Background and purposeIncreased cough sensitivity is the key pathophysiological mechanism of chronic cough. Although previous studies have focused on peripheral airway receptor sensitization, the role of the central nervous system—particularly the hypothalamic paraventricular nucleus (PVN)—remains unclear. Whether substance P (SP)–expressing PVN neurons contribute to cough hypersensitivity remains unknown.MethodsThree-week-old Hartley guinea pigs were divided into three groups: citric acid (CA), saline control (SA), and blank control (CON). A cough hypersensitivity model was induced by inhalation of 0.4 mol/L citric acid. Cough sensitivity was assessed using a capsaicin challenge, with the C5 threshold defined as the lowest capsaicin concentration inducing ≥5 coughs. Locomotor activity was evaluated using the open-field test. Airway inflammation and goblet cell hyperplasia were examined by HE and PAS staining. SP and c-Fos expression in the PVN were detected by immunofluorescence and Western blot. HSV retrograde tracing was used to analyze the PVN-airway neural pathway associated with cough hypersensitivity.ResultsCompared with the control groups, guinea pigs in the CA group exhibited a time-dependent increase in cough frequency and enhanced cough sensitivity, as indicated by a reduction in the C5 threshold.
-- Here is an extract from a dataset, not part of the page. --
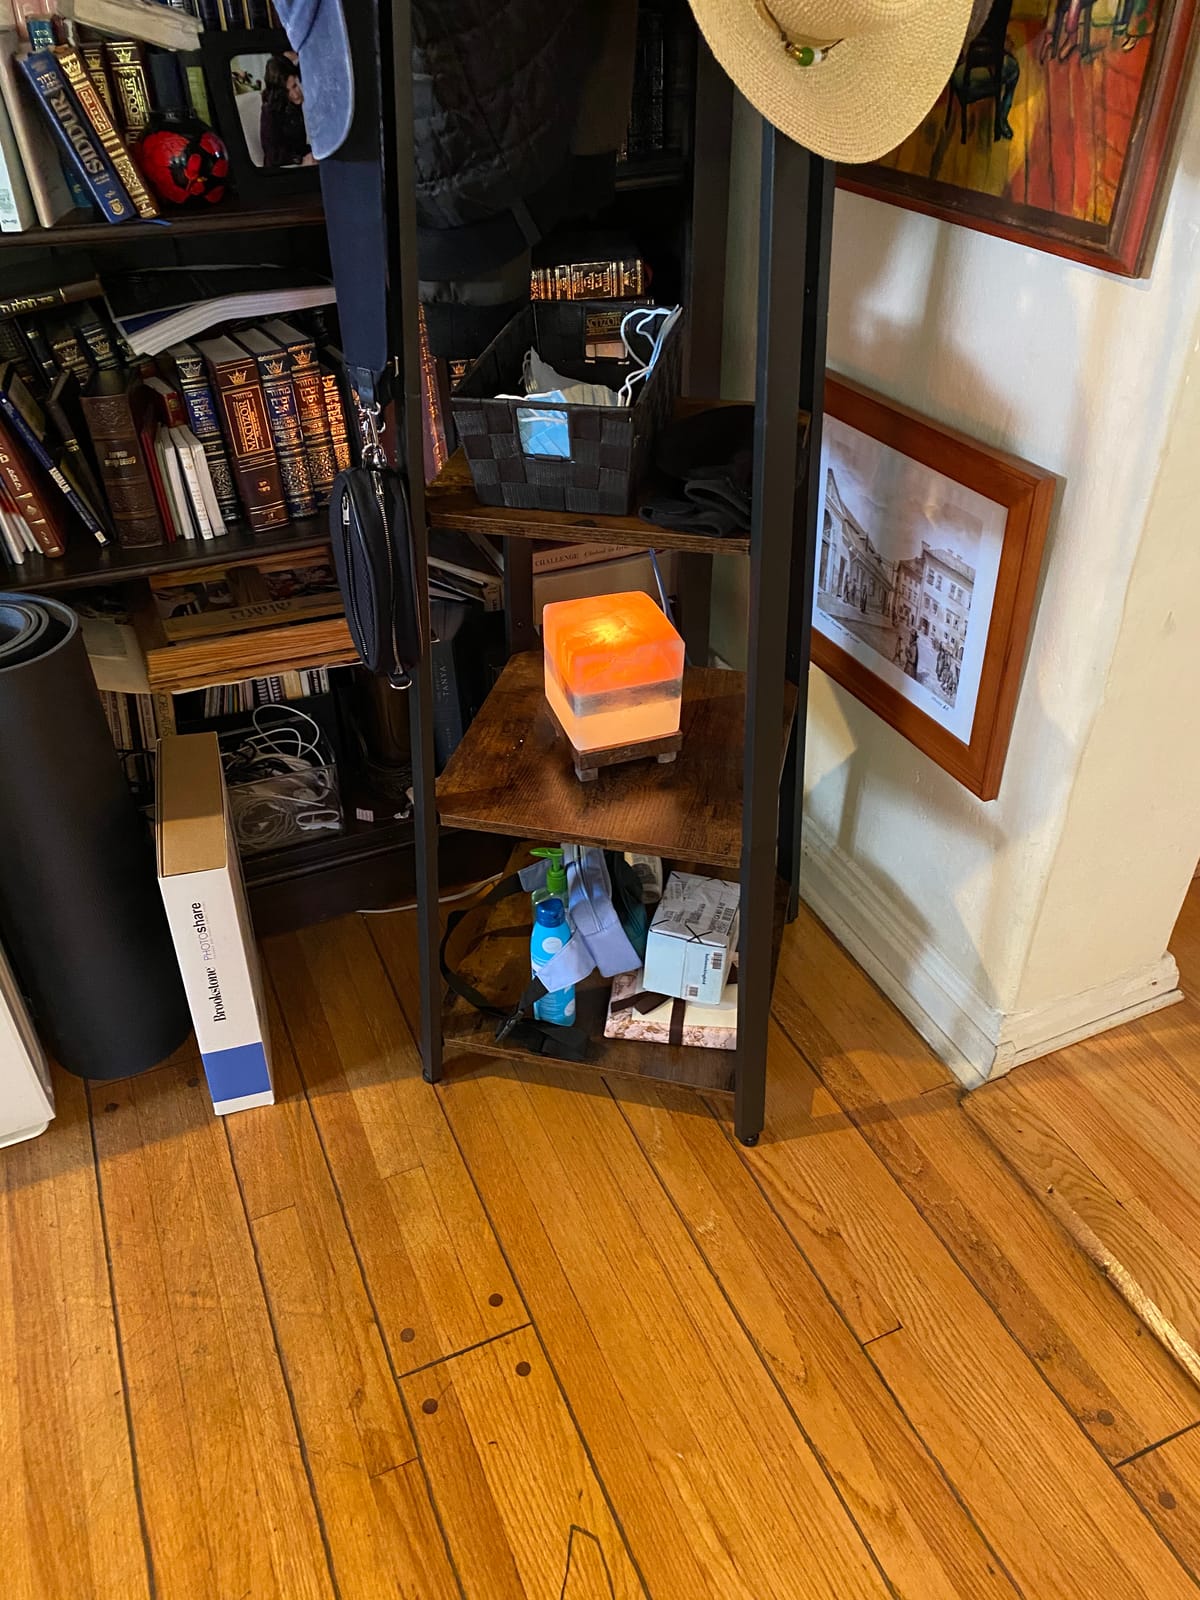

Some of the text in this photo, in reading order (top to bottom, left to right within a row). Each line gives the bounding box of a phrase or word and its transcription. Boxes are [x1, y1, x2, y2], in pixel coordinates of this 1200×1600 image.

[50, 88, 105, 174] SIDDUR
[440, 664, 449, 697] TANYA
[205, 966, 227, 1022] Brookstone
Histological analysis revealed increased inflammatory cell infiltration and goblet cell hyperplasia in the airways of the CA group. SP and c-Fos expression, along with the proportion of SP/Fos double-labeled neurons in the PVN, were significantly increased in the CA group (all P < 0.05). Viral tracing confirmed the presence of HSV-positive neurons in the PVN, supporting a neural connection between the PVN and the airways.ConclusionActivation of SP-expressing neurons in the PVN is associated with cough hypersensitivity and suggests the presence of a potential PVN–airway neural pathway. These findings provide a theoretical basis for the development of central-targeted therapies for chronic cough.